=== THE INPUT ===

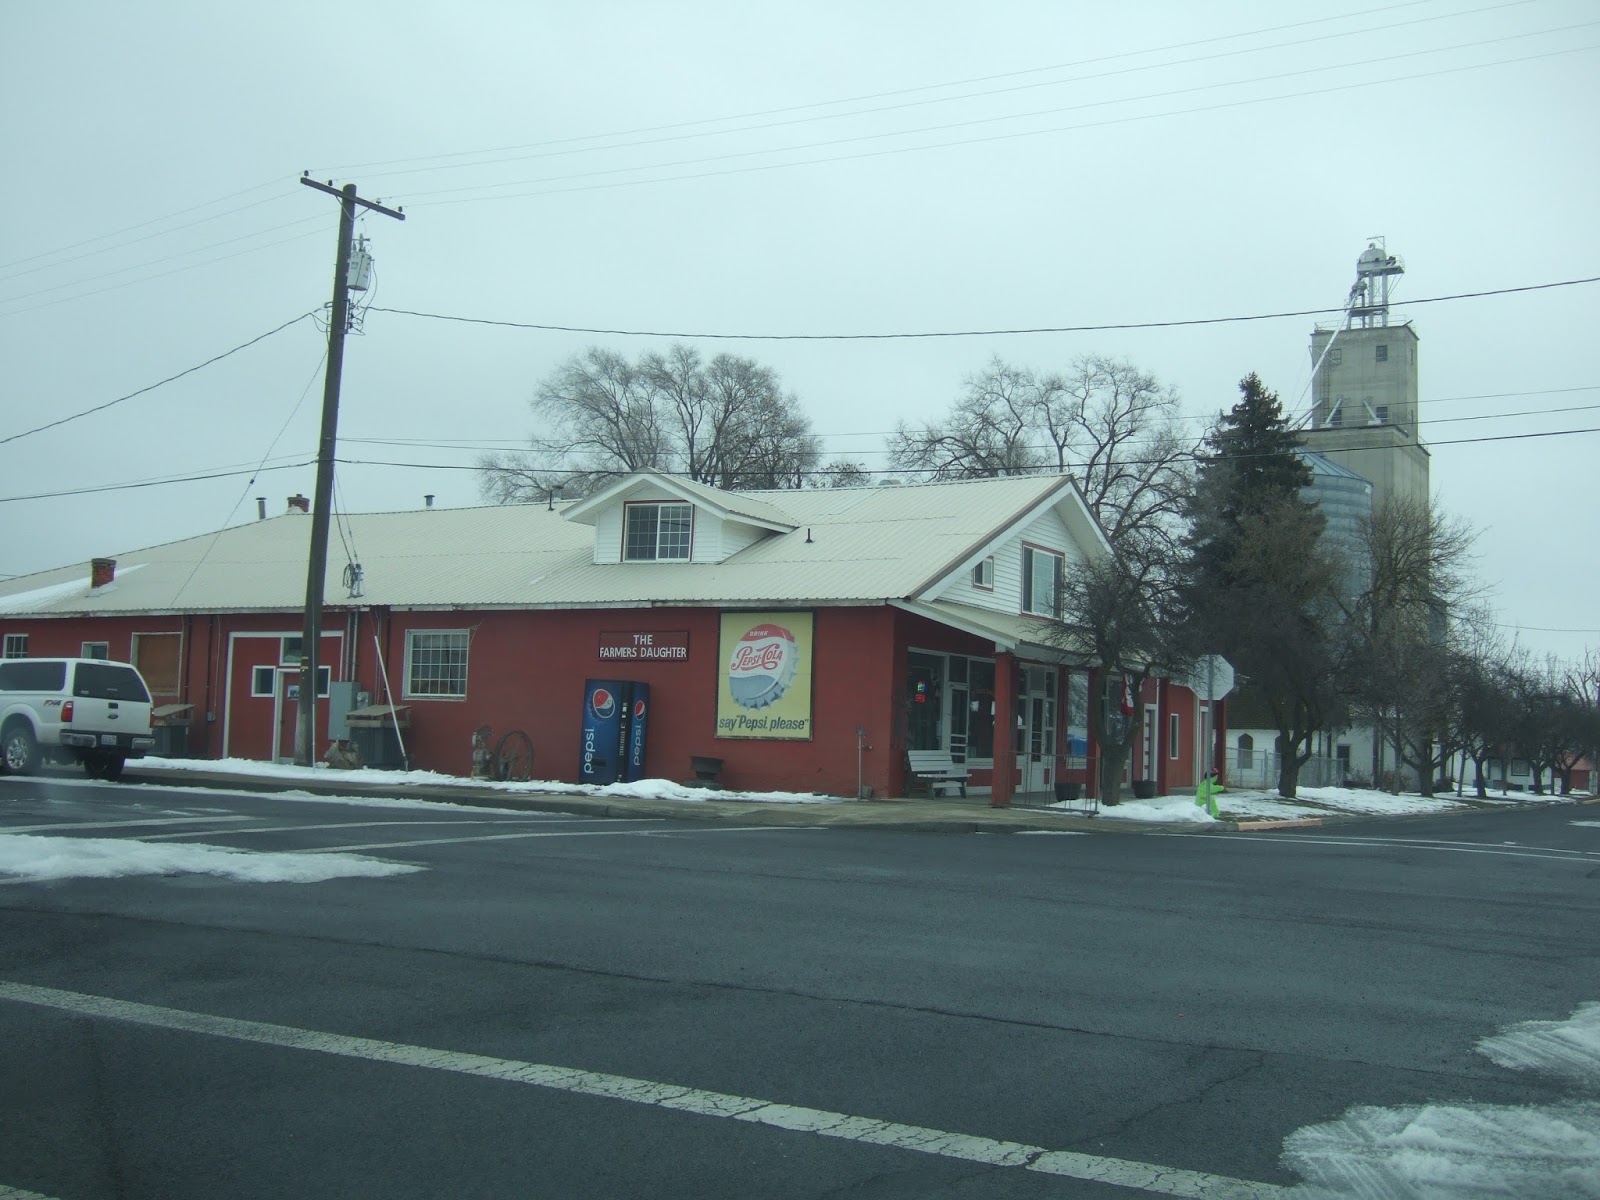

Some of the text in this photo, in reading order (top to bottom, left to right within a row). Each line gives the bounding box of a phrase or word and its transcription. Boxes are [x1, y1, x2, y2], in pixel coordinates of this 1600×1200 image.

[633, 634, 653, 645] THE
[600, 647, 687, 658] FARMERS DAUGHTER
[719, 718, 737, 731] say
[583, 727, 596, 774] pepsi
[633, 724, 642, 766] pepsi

=== TASK ===
The reply should hold every line of the material above, unchanged, and no pictures.

=== ANSWER BOX ===
Some of the text in this photo, in reading order (top to bottom, left to right within a row). Each line gives the bounding box of a phrase or word and its transcription. Boxes are [x1, y1, x2, y2], in pixel coordinates of this 1600×1200 image.

[633, 634, 653, 645] THE
[600, 647, 687, 658] FARMERS DAUGHTER
[719, 718, 737, 731] say
[583, 727, 596, 774] pepsi
[633, 724, 642, 766] pepsi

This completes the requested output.